Test implementation of grid search using scikit-learn algorithms before spending time testing it with cuML.

Although scikit-learn has [GridSearchCV](https://scikit-learn.org/stable/modules/generated/sklearn.model_selection.GridSearchCV.html) for performing a grid search across various algorithms, it doesn't offer the control I need in terms of trial data output (e.g. what I want is outputting the results of each trial in a denormalized row)

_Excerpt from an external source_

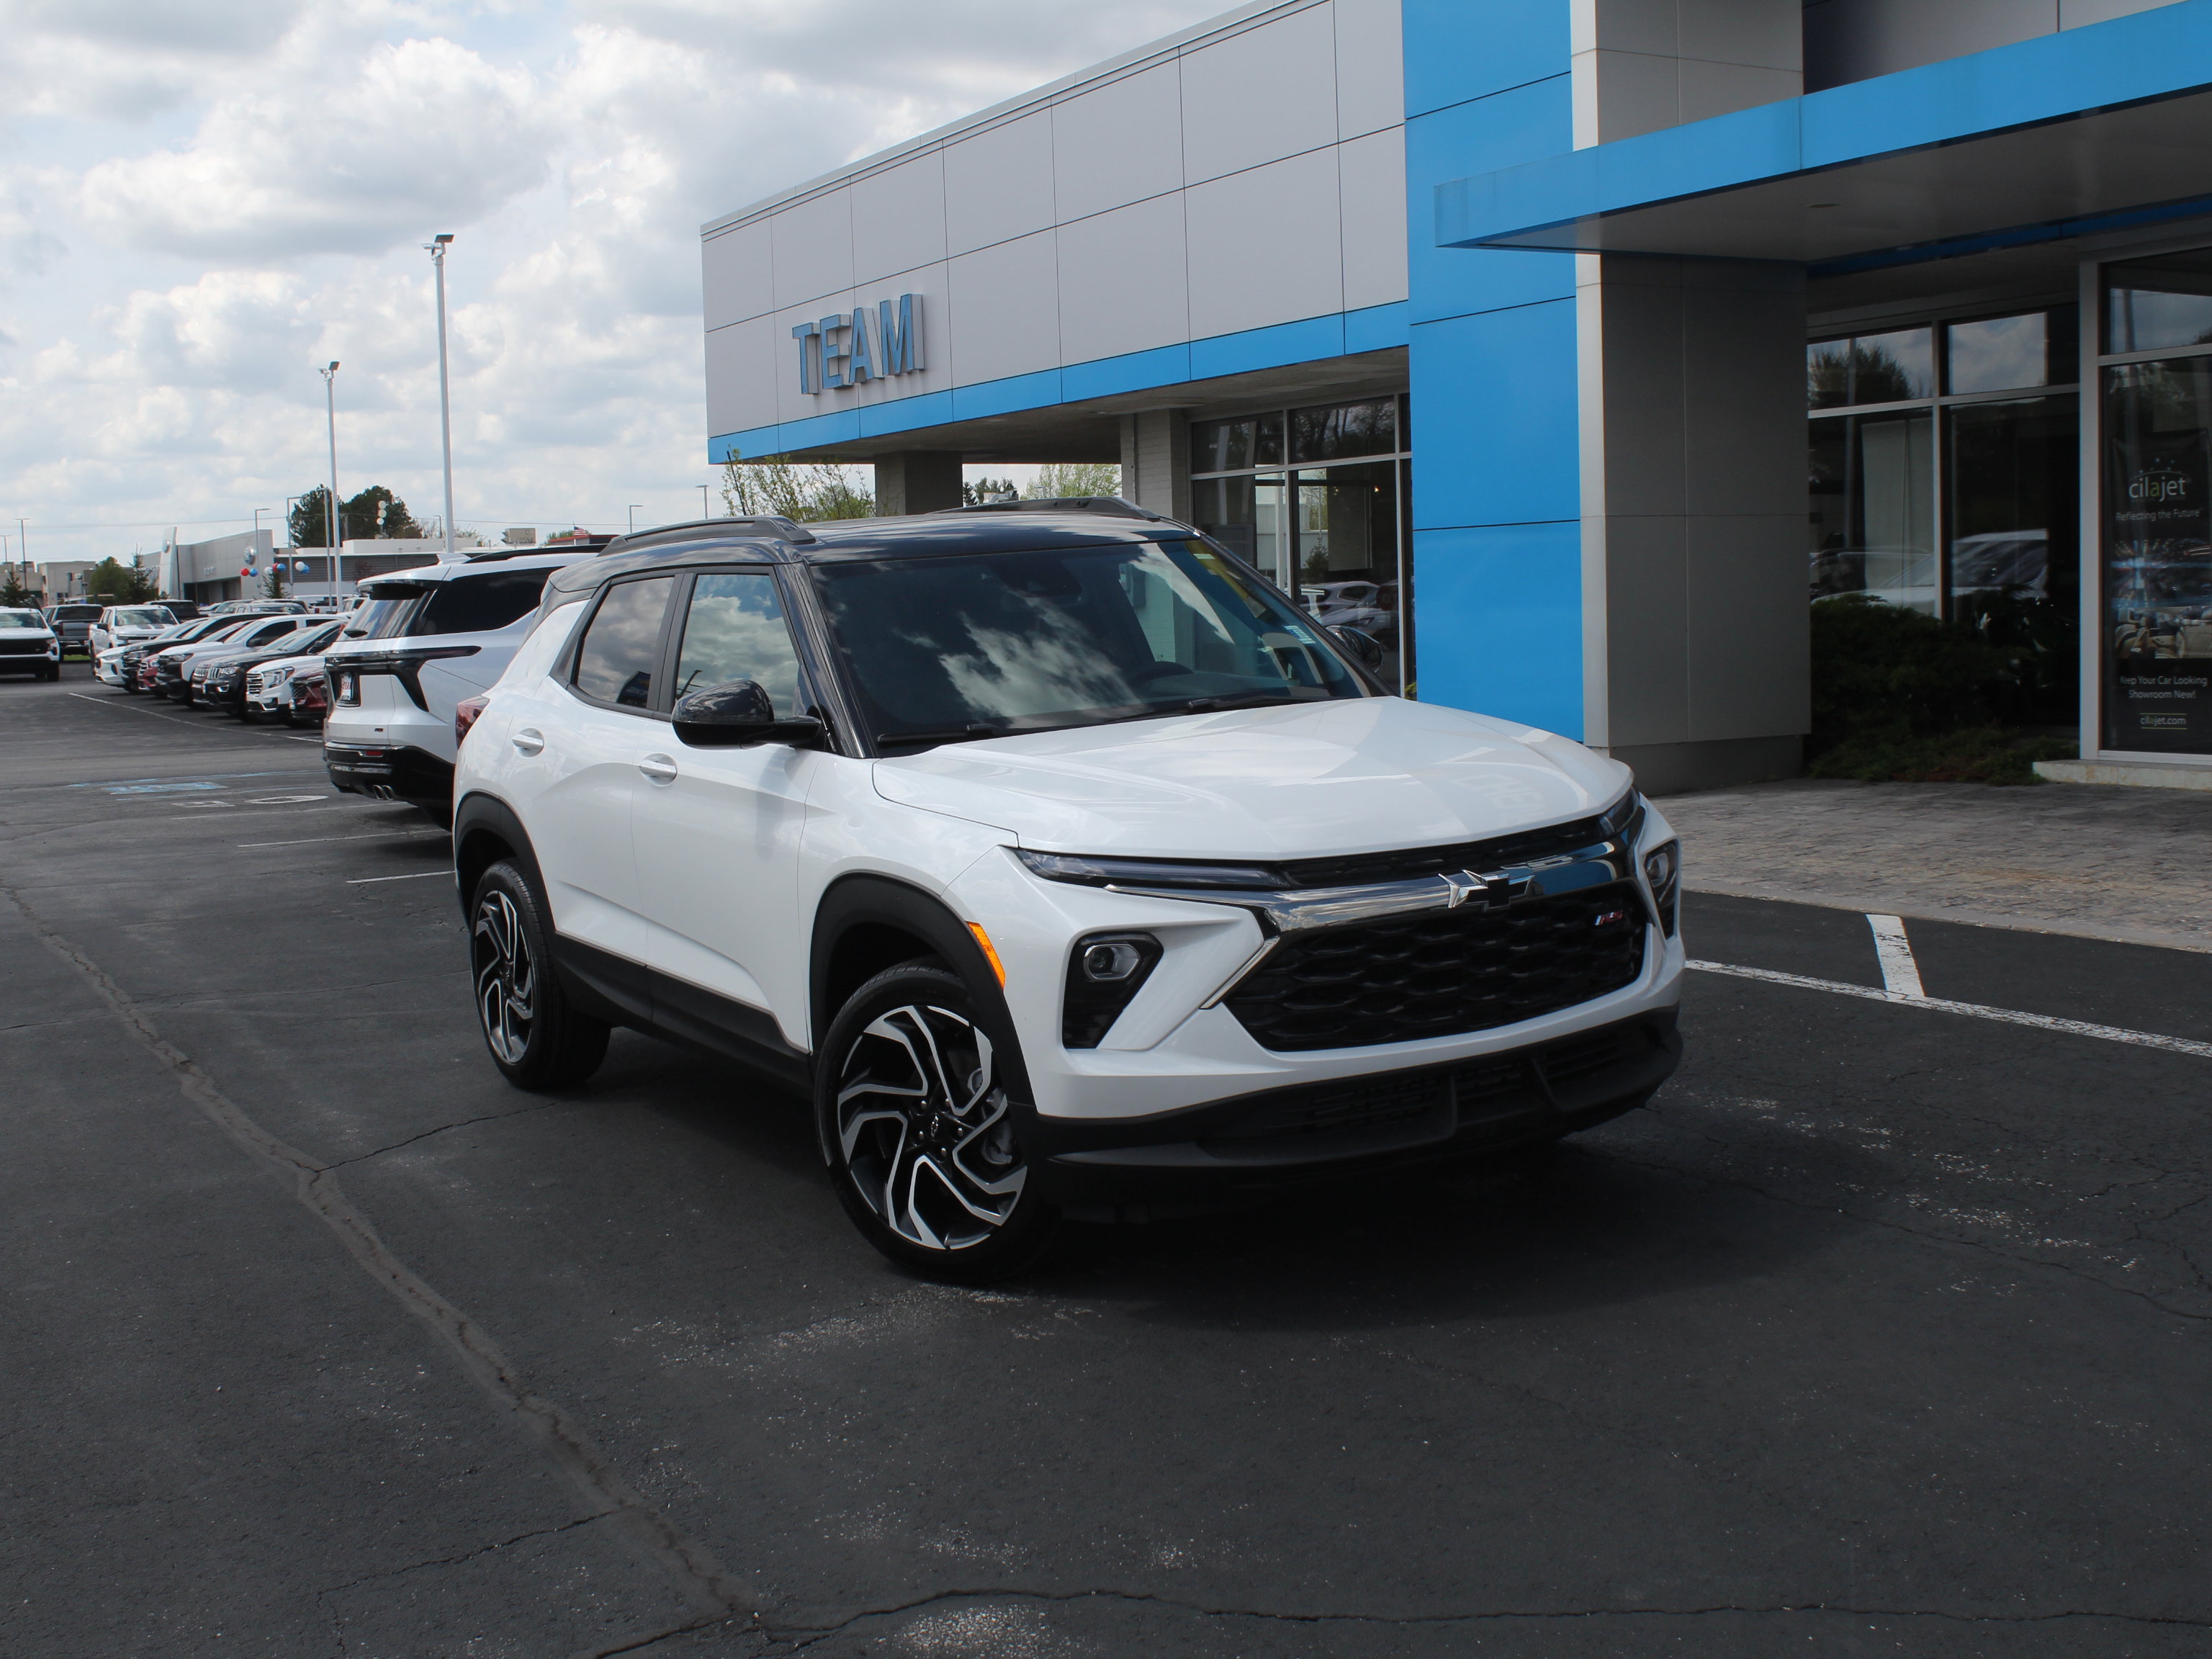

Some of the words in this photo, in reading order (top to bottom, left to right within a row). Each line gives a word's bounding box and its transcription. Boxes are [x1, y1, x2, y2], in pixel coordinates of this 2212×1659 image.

XGBoost note: https://stackoverflow.com/questions/63776921/you-are-running-32-bit-python-on-a-64-bit-osmac-and-xgboost-library-could-not


In [1]:
import os

# import xgboost
import polars as pl
import sklearn
from sklearn.model_selection import train_test_split

In [2]:
data_dir = "/Users/maxwoolf/Downloads"

df = pl.read_parquet(os.path.join(data_dir, "movie_embeds.parquet"))
df = df.with_columns(decade=pl.col("startYear").cut(list(range(1900, 2030, 10))))
df

tconst,startYear,averageRating,json,embeds,decade
str,i64,f64,str,"array[f32, 768]",cat
"""tt21937348""",2022,6.8,"""{""title"":""Le business du bonhe…","[-0.012958, 0.03246, … -0.037463]","""(2020, inf]"""
"""tt0425976""",2003,5.0,"""{""title"":""Excuses!"",""genres"":[…","[-0.009819, -0.025217, … -0.069853]","""(2000, 2010]"""
"""tt1581629""",2009,6.8,"""{""title"":""The Secret"",""genres""…","[-0.013838, 0.008304, … -0.051282]","""(2000, 2010]"""
"""tt1707240""",2010,6.2,"""{""title"":""Lys"",""genres"":[""Dram…","[0.022719, 0.042718, … -0.061914]","""(2000, 2010]"""
"""tt32378615""",2024,7.7,"""{""title"":""We Should Make Movie…","[0.041895, 0.016391, … -0.022129]","""(2020, inf]"""
…,…,…,…,…,…
"""tt0463960""",2013,3.3,"""{""title"":""The Devil You Know"",…","[0.01918, 0.006489, … -0.03445]","""(2010, 2020]"""
"""tt5865148""",2016,6.1,"""{""title"":""Brett Gelman's Dinne…","[0.015193, 0.030122, … -0.061412]","""(2010, 2020]"""
"""tt0185883""",1949,6.7,"""{""title"":""Aoi sanmyaku"",""genre…","[-0.020236, 0.034688, … -0.058068]","""(1940, 1950]"""
"""tt27436518""",2022,4.8,"""{""title"":""The Legacy"",""genres""…","[-0.019275, 0.007522, … -0.029518]","""(2020, inf]"""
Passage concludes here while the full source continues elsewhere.